▶ **Description of the task**
If pictures are present, leave them out, and copy the data word for word.

▶ **Saved data entries**
::::::::

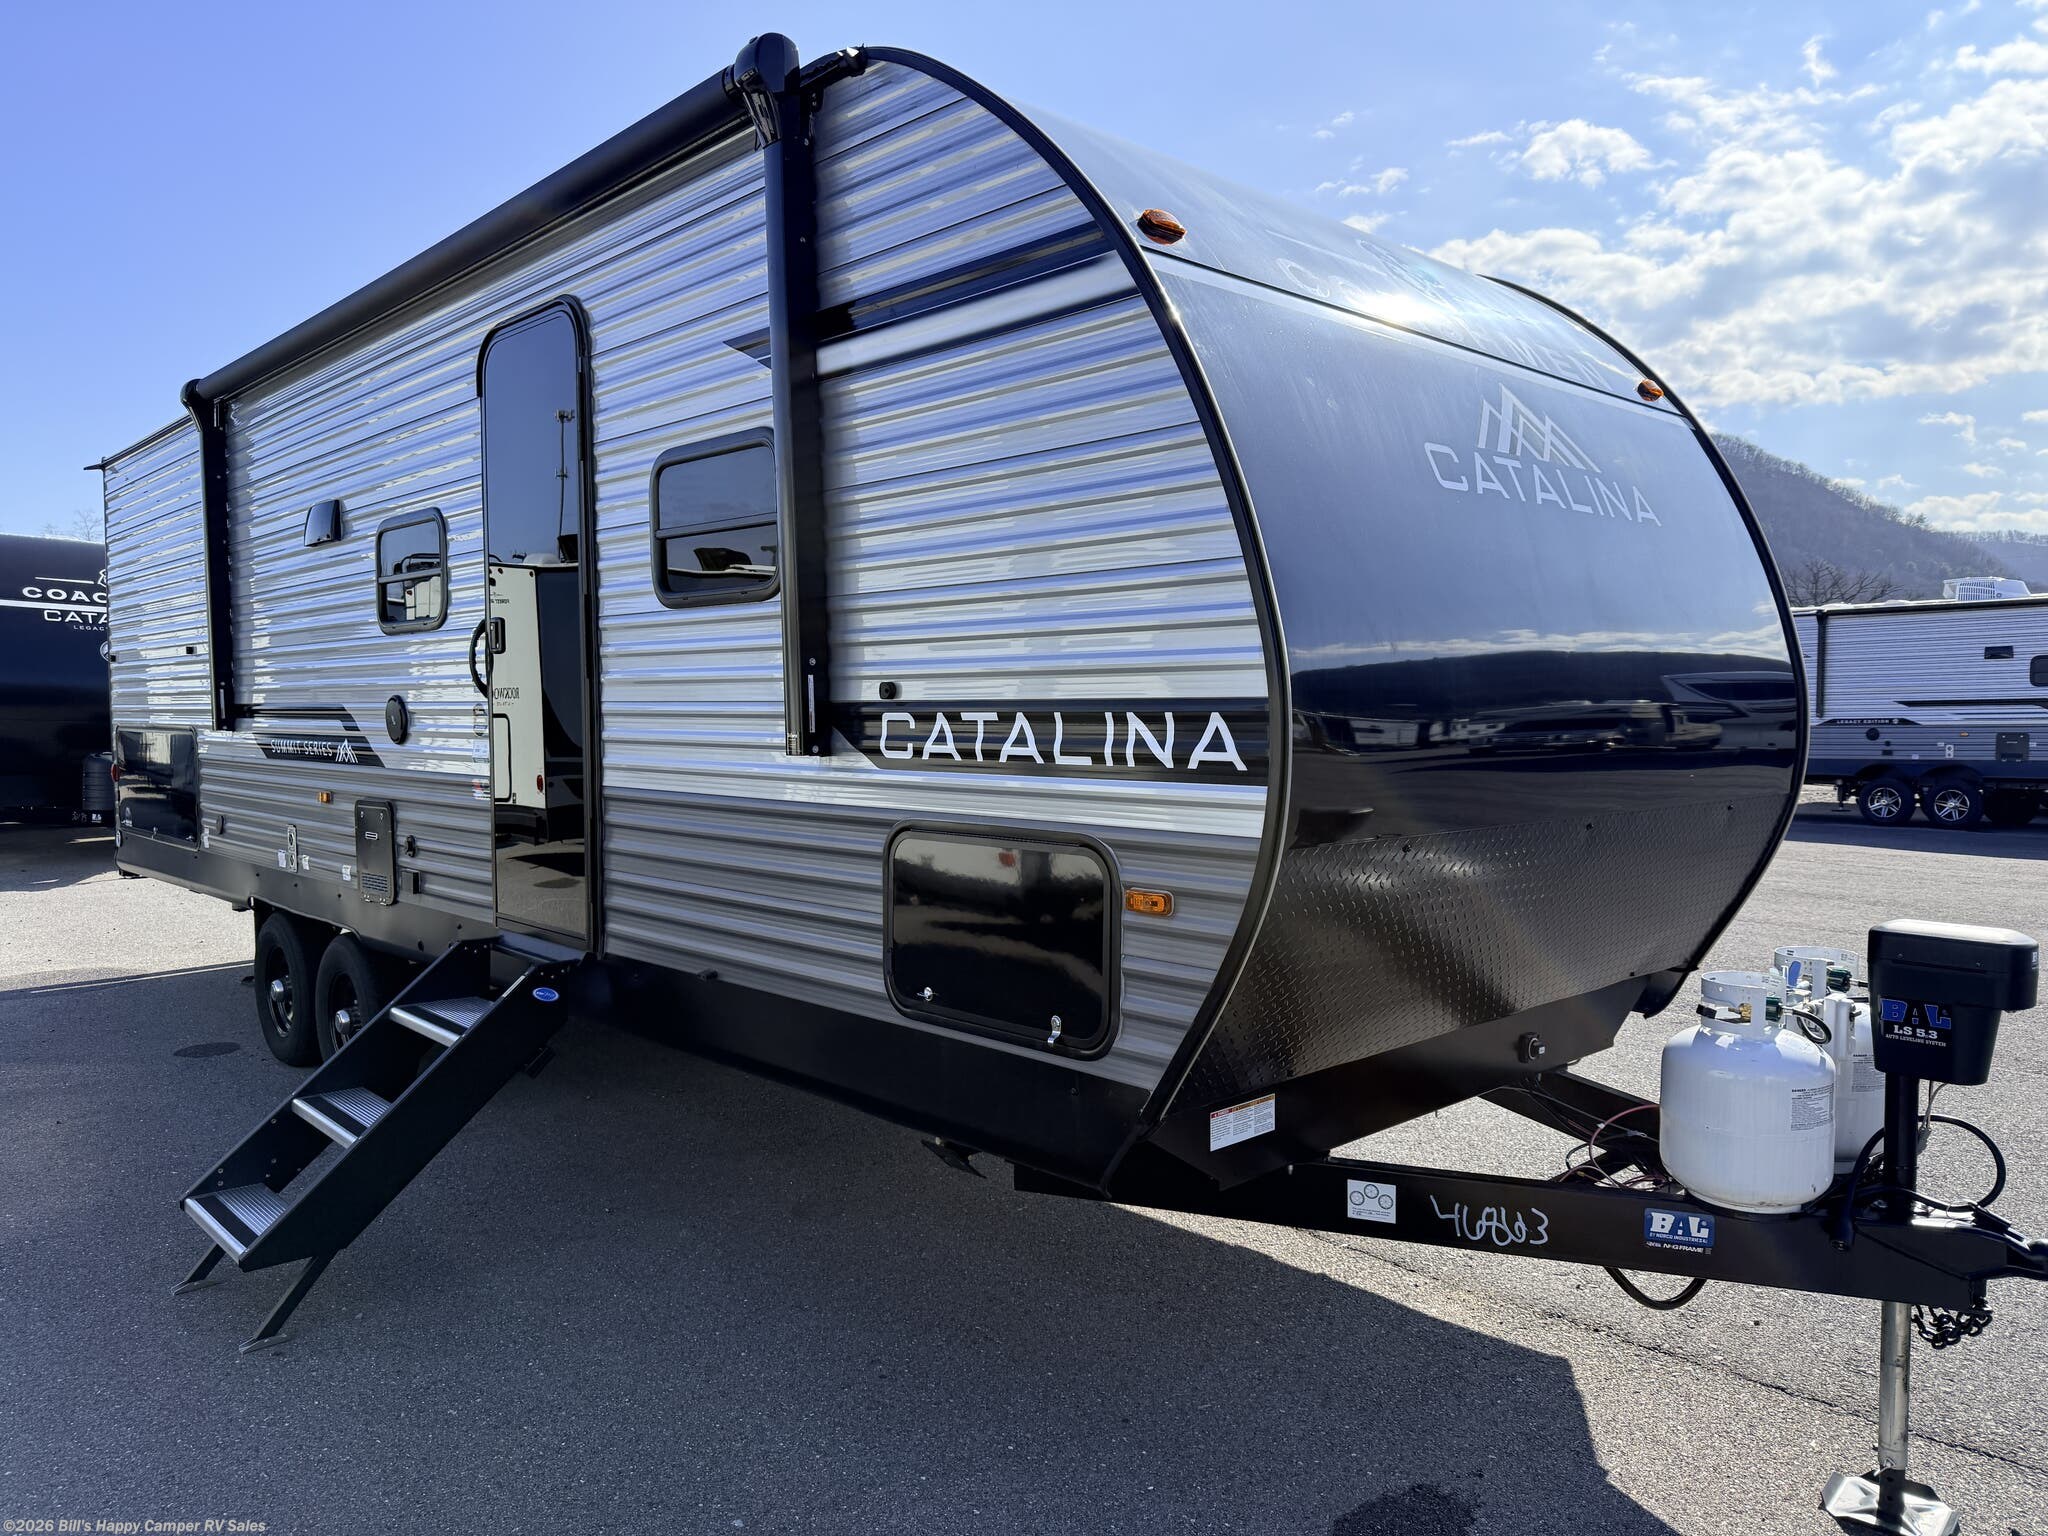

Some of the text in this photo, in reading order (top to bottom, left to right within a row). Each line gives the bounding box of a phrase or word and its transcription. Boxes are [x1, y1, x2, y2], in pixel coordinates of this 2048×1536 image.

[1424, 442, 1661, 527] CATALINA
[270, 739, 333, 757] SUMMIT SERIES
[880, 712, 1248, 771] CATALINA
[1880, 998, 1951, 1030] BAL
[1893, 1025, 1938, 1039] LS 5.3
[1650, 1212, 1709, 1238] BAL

::::::::

▶ **Answer space**
Some of the text in this photo, in reading order (top to bottom, left to right within a row). Each line gives the bounding box of a phrase or word and its transcription. Boxes are [x1, y1, x2, y2], in pixel coordinates of this 2048×1536 image.

[1424, 442, 1661, 527] CATALINA
[270, 739, 333, 757] SUMMIT SERIES
[880, 712, 1248, 771] CATALINA
[1880, 998, 1951, 1030] BAL
[1893, 1025, 1938, 1039] LS 5.3
[1650, 1212, 1709, 1238] BAL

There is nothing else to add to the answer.